● ENTRIES SUPPLIED
----

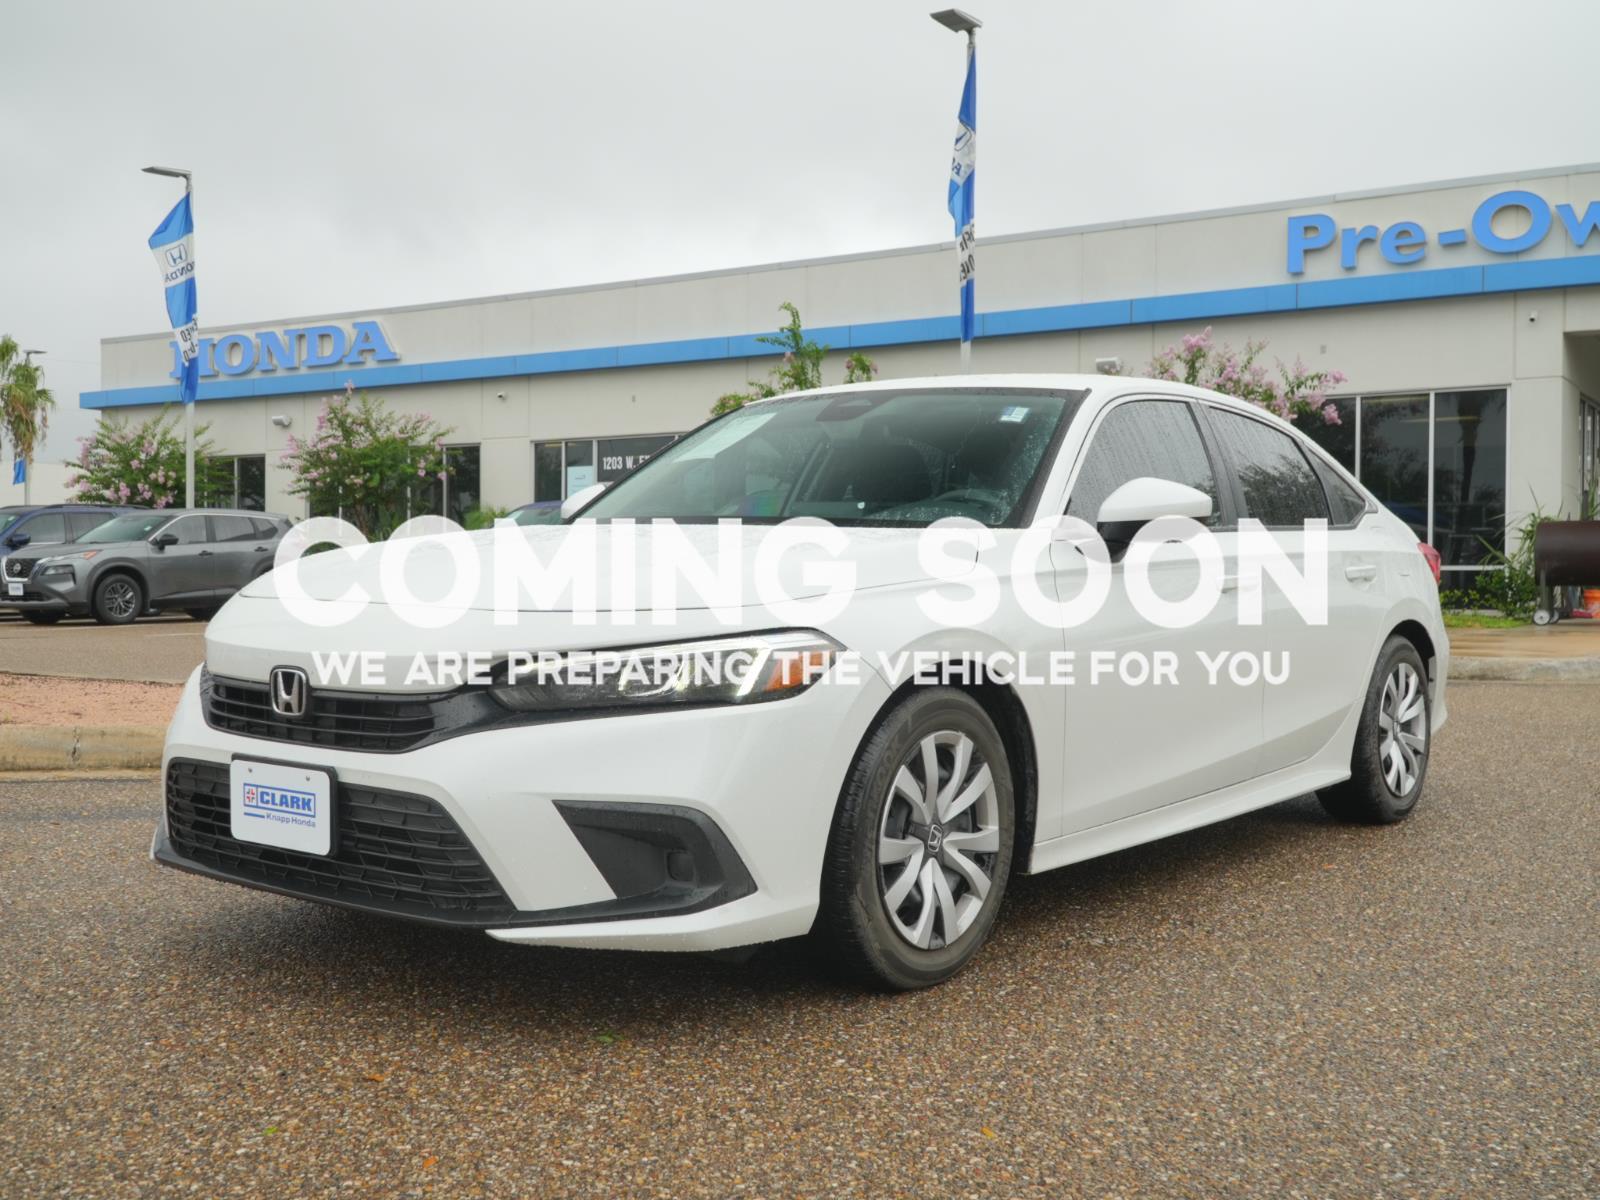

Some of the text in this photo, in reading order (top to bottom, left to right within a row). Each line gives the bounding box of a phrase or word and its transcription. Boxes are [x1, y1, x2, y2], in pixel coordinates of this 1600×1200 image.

[169, 320, 398, 379] HONDA
[603, 457, 623, 470] 1203
[626, 455, 636, 469] W.
[259, 791, 312, 812] CLARK
[266, 812, 316, 827] Knapp Honda
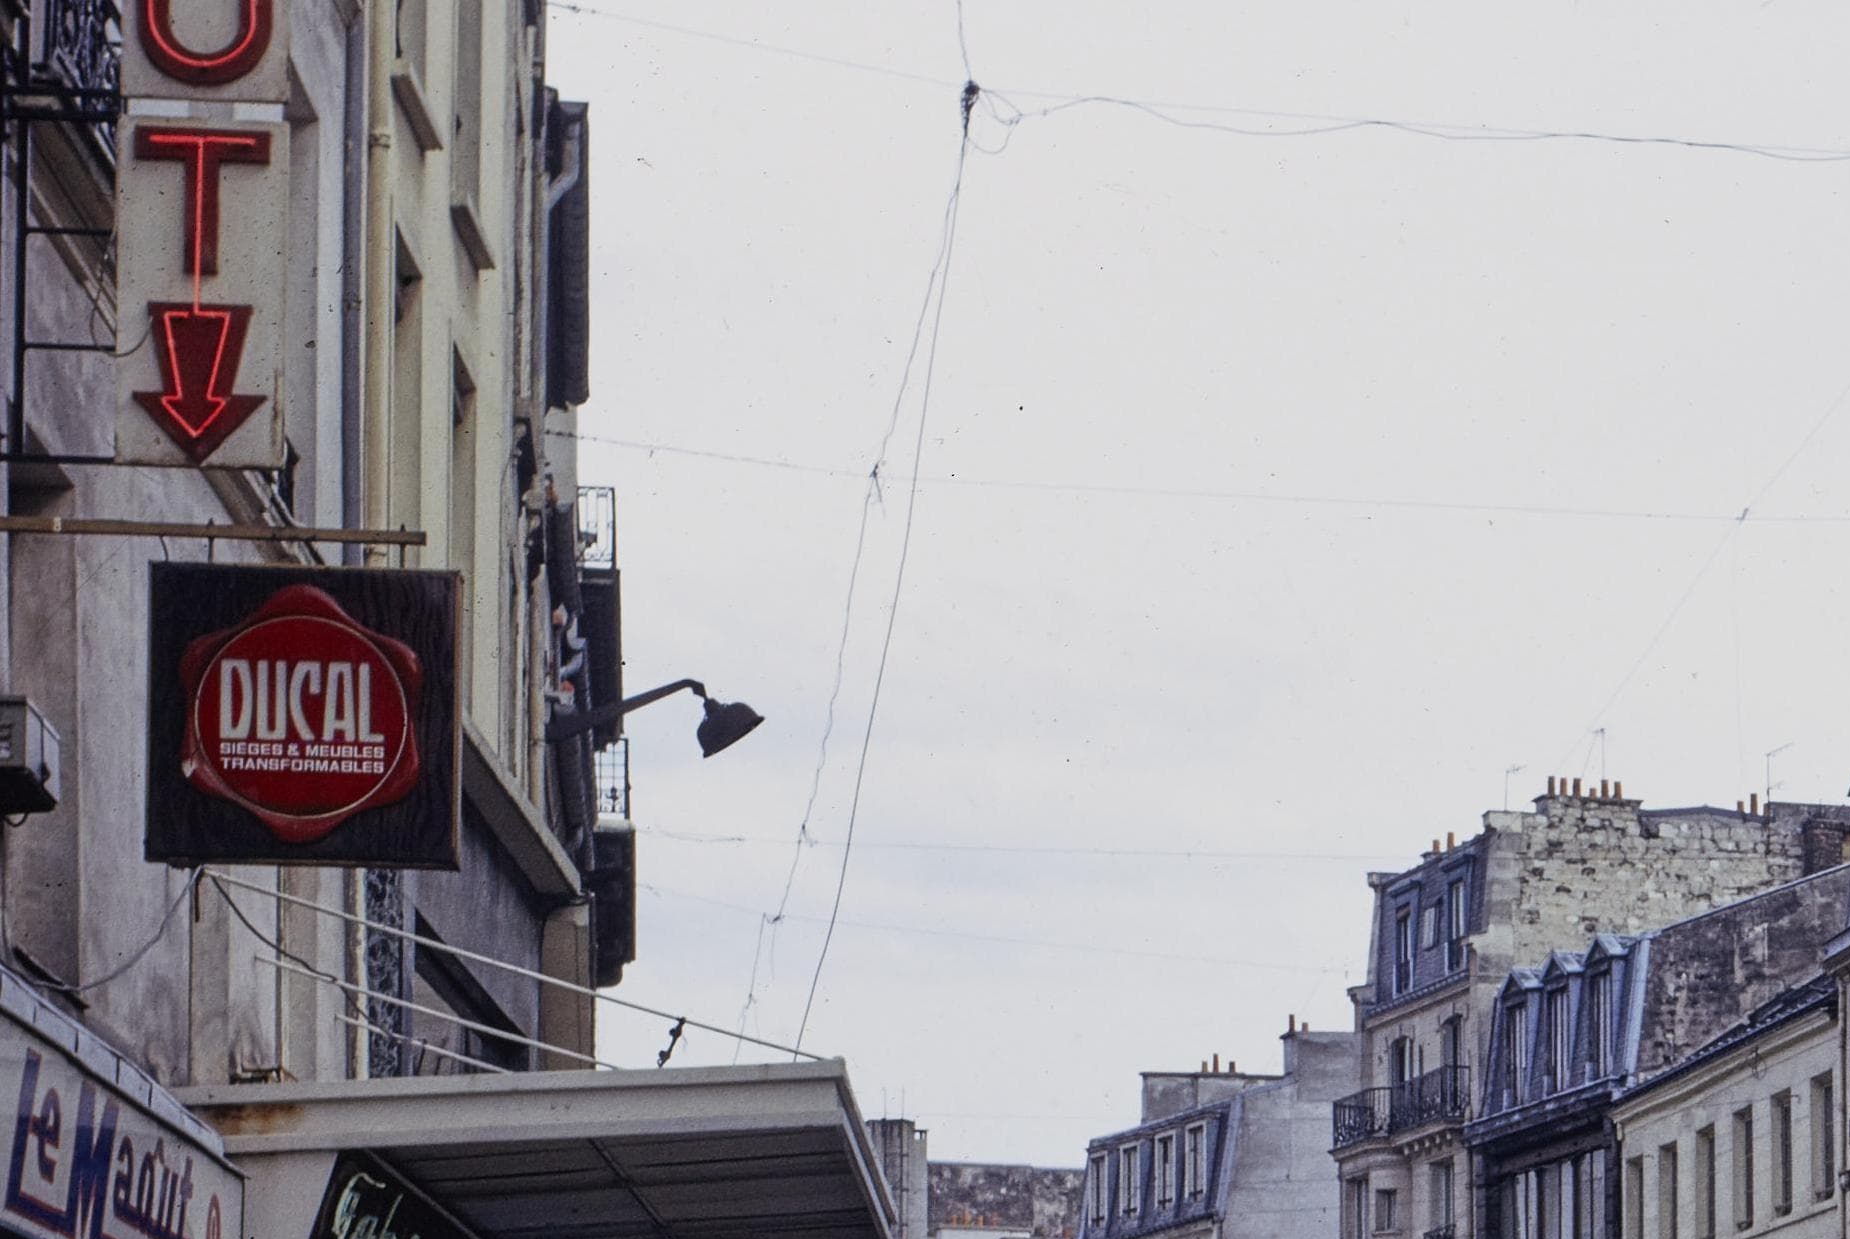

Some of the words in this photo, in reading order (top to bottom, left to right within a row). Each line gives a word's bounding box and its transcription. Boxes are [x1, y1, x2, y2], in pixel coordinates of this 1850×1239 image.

[219, 659, 385, 743] DUCAL
[220, 742, 283, 756] SIEGES
[287, 744, 300, 757] &
[305, 745, 385, 759] MEUBLES
[221, 757, 385, 774] TRANSFORMABLES
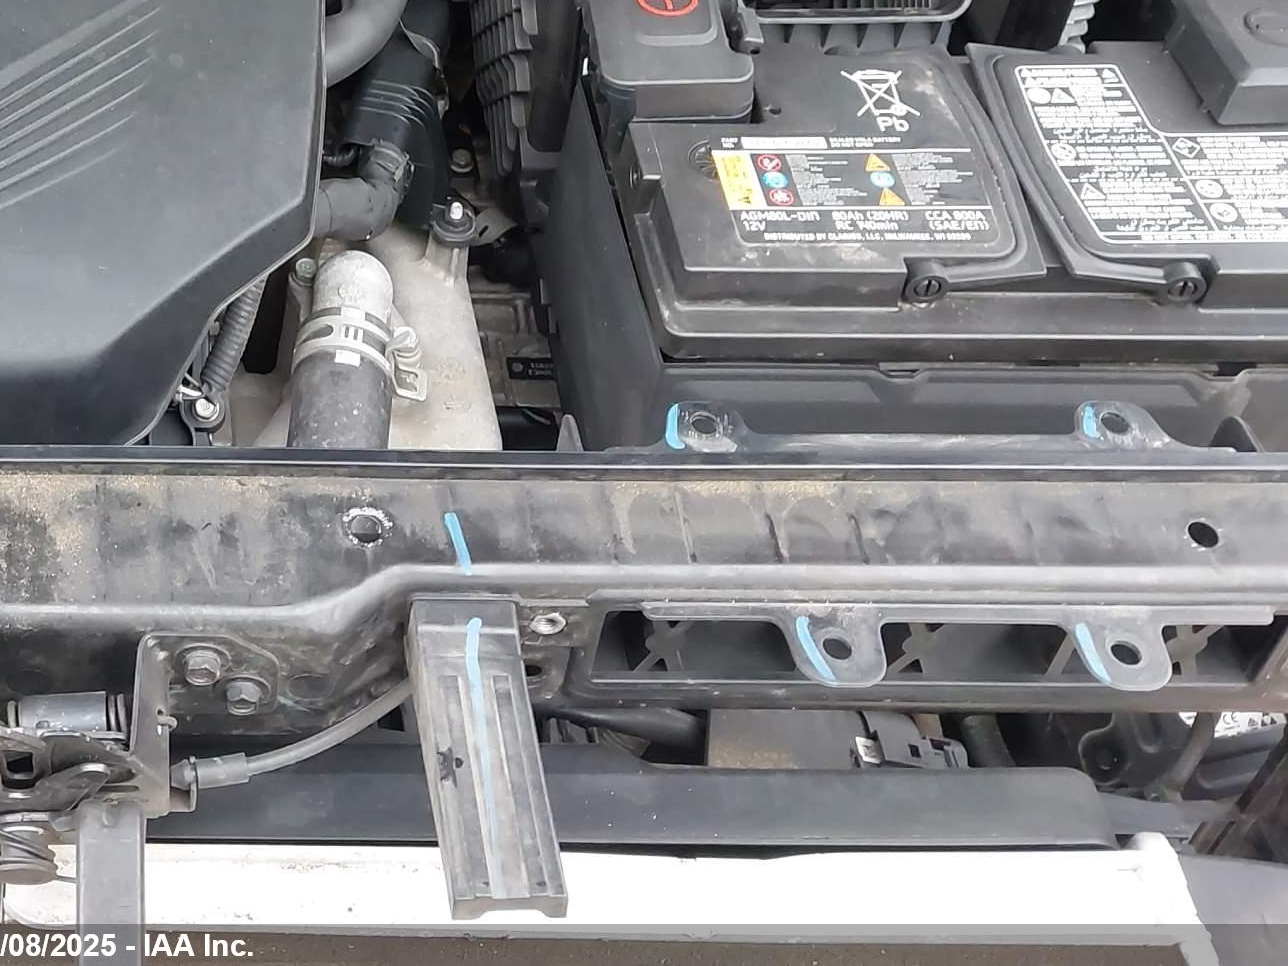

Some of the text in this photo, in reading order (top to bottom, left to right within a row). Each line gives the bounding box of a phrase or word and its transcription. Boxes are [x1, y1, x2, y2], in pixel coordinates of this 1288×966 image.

[875, 116, 910, 132] Pb
[924, 210, 951, 221] CCA
[953, 210, 985, 221] 800A
[742, 220, 766, 231] 12V
[836, 220, 853, 231] RC

----

● TASK BRIEF
Once the pictures are set aside, write out the entries verbatim.

● OUTPUT
Some of the text in this photo, in reading order (top to bottom, left to right within a row). Each line gives the bounding box of a phrase or word and its transcription. Boxes are [x1, y1, x2, y2], in pixel coordinates of this 1600×1200 image.

[169, 320, 398, 379] HONDA
[603, 457, 623, 470] 1203
[626, 455, 636, 469] W.
[259, 791, 312, 812] CLARK
[266, 812, 316, 827] Knapp Honda

Some of the words in this photo, in reading order (top to bottom, left to right within a row). Each line gives a word's bounding box and its transcription. Boxes are [x1, y1, x2, y2], in pixel coordinates of this 1850×1239 image.

[219, 659, 385, 743] DUCAL
[220, 742, 283, 756] SIEGES
[287, 744, 300, 757] &
[305, 745, 385, 759] MEUBLES
[221, 757, 385, 774] TRANSFORMABLES

Some of the text in this photo, in reading order (top to bottom, left to right within a row). Each line gives the bounding box of a phrase or word and its transcription. Boxes are [x1, y1, x2, y2], in pixel coordinates of this 1288×966 image.

[875, 116, 910, 132] Pb
[924, 210, 951, 221] CCA
[953, 210, 985, 221] 800A
[742, 220, 766, 231] 12V
[836, 220, 853, 231] RC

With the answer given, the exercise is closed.